(Phrase grounding data)
____

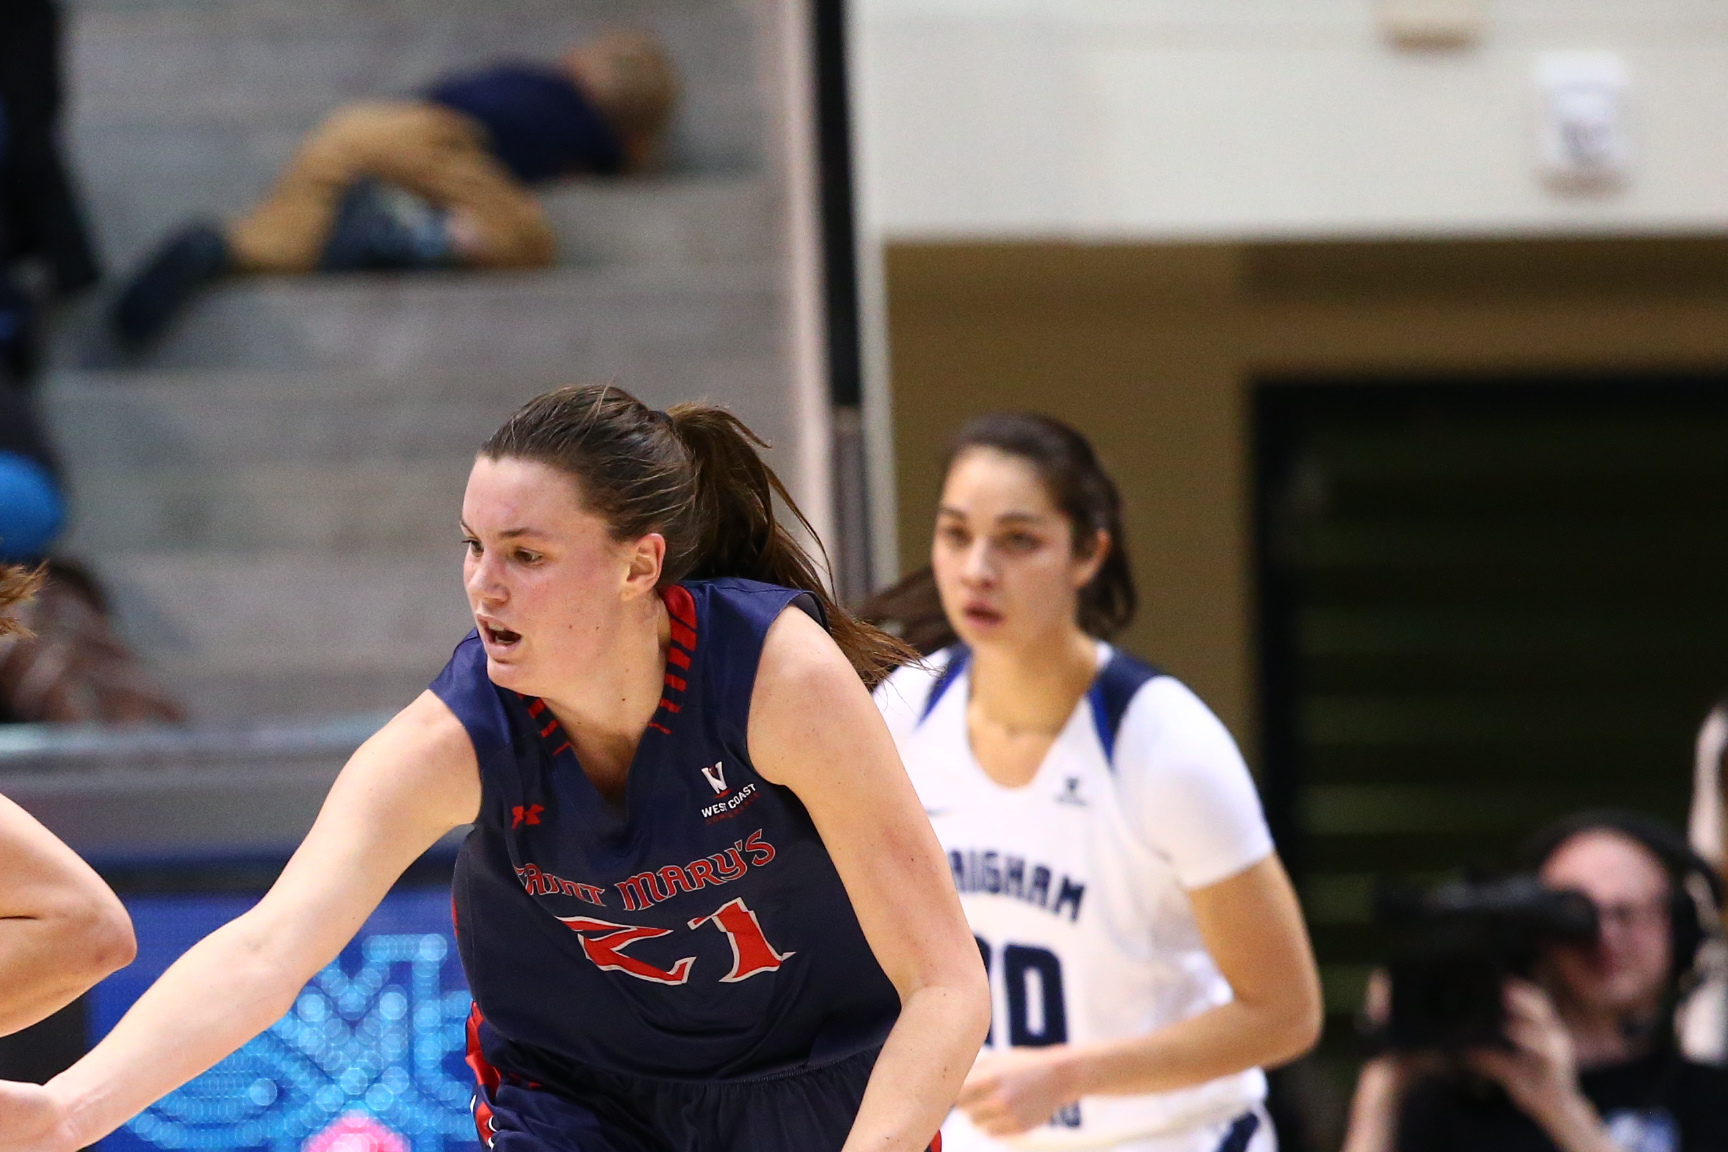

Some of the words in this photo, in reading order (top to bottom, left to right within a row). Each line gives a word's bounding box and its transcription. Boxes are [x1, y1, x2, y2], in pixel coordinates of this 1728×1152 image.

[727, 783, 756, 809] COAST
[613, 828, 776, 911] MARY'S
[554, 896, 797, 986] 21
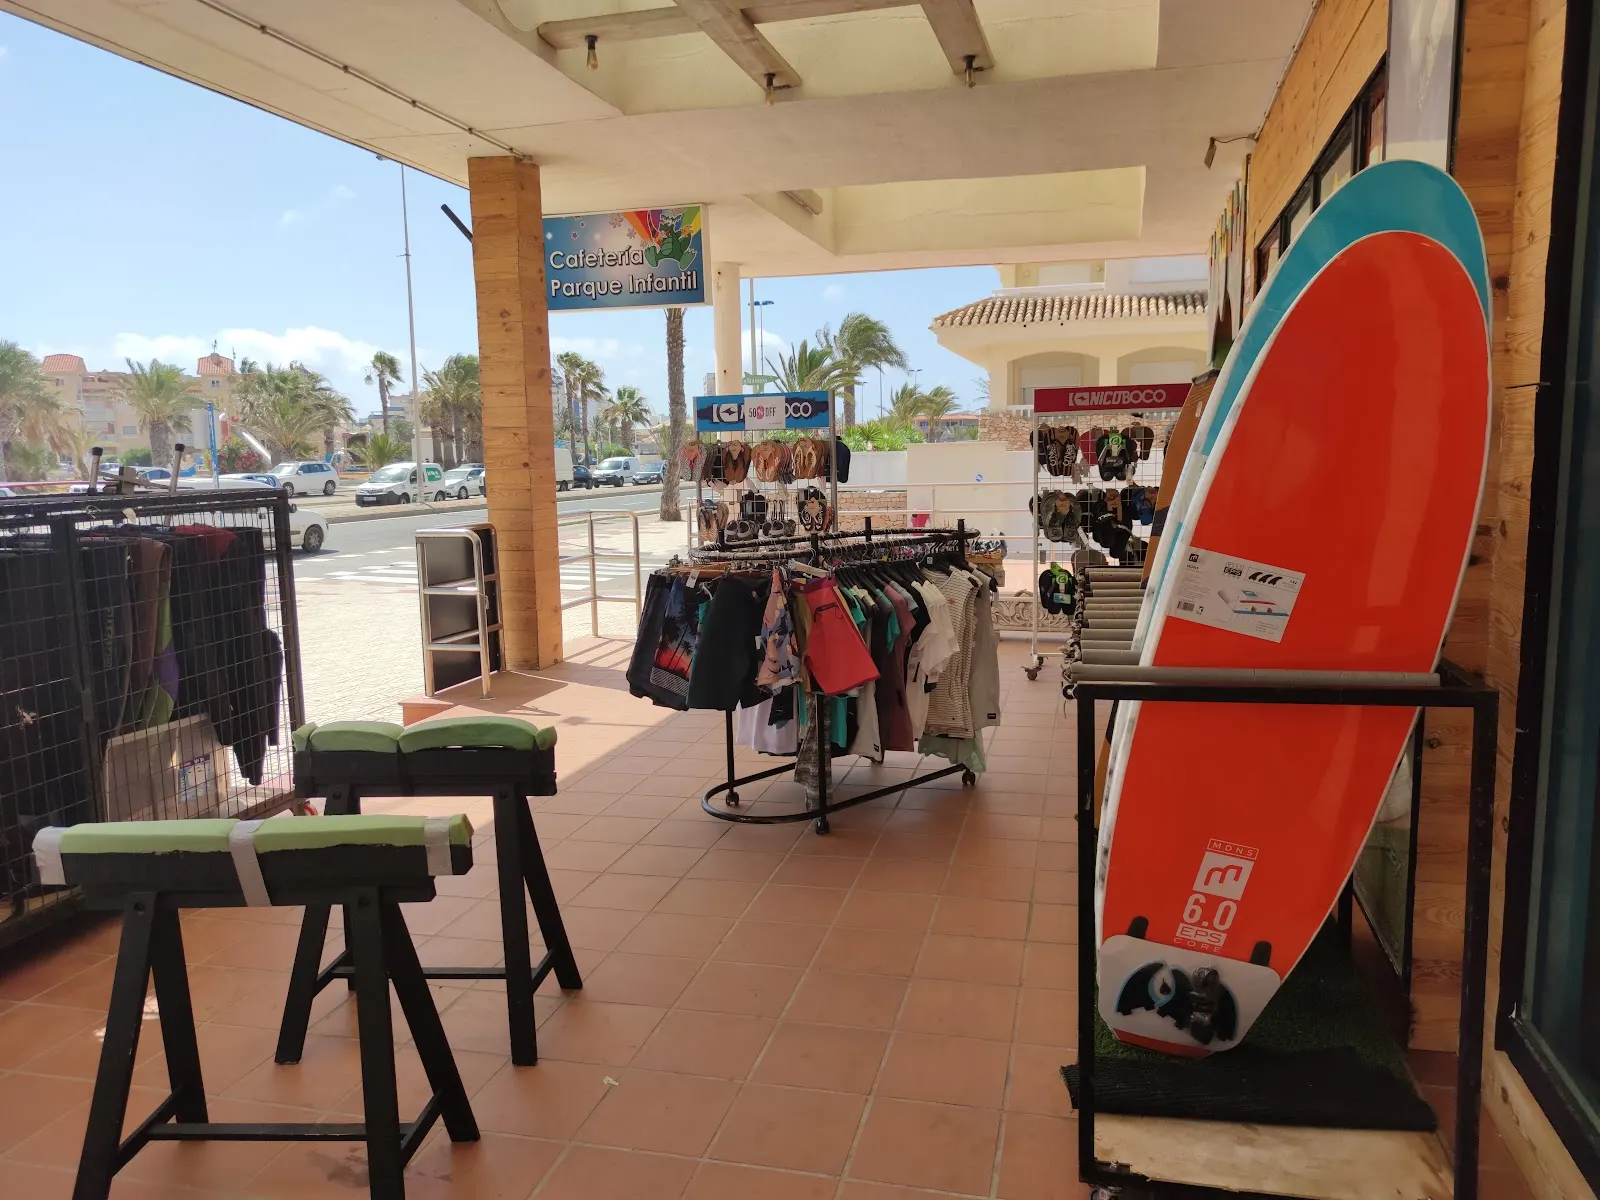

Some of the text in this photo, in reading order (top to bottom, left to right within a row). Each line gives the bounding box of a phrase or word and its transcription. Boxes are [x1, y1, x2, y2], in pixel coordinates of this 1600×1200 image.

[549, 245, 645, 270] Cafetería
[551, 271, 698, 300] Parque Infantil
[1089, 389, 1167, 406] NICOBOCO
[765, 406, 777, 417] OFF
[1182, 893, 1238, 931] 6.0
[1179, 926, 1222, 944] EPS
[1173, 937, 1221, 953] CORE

____

What needs to be done: Pictures are to be dropped, and the remaining data set down exactly.

Task result:
Some of the words in this photo, in reading order (top to bottom, left to right within a row). Each line gives a word's bounding box and its transcription. Boxes are [x1, y1, x2, y2], in pixel coordinates of this 1728×1152 image.

[727, 783, 756, 809] COAST
[613, 828, 776, 911] MARY'S
[554, 896, 797, 986] 21

Some of the text in this photo, in reading order (top to bottom, left to right within a row). Each line gives the bounding box of a phrase or word and its transcription. Boxes are [x1, y1, x2, y2], in pixel coordinates of this 1600×1200 image.

[549, 245, 645, 270] Cafetería
[551, 271, 698, 300] Parque Infantil
[1089, 389, 1167, 406] NICOBOCO
[765, 406, 777, 417] OFF
[1182, 893, 1238, 931] 6.0
[1179, 926, 1222, 944] EPS
[1173, 937, 1221, 953] CORE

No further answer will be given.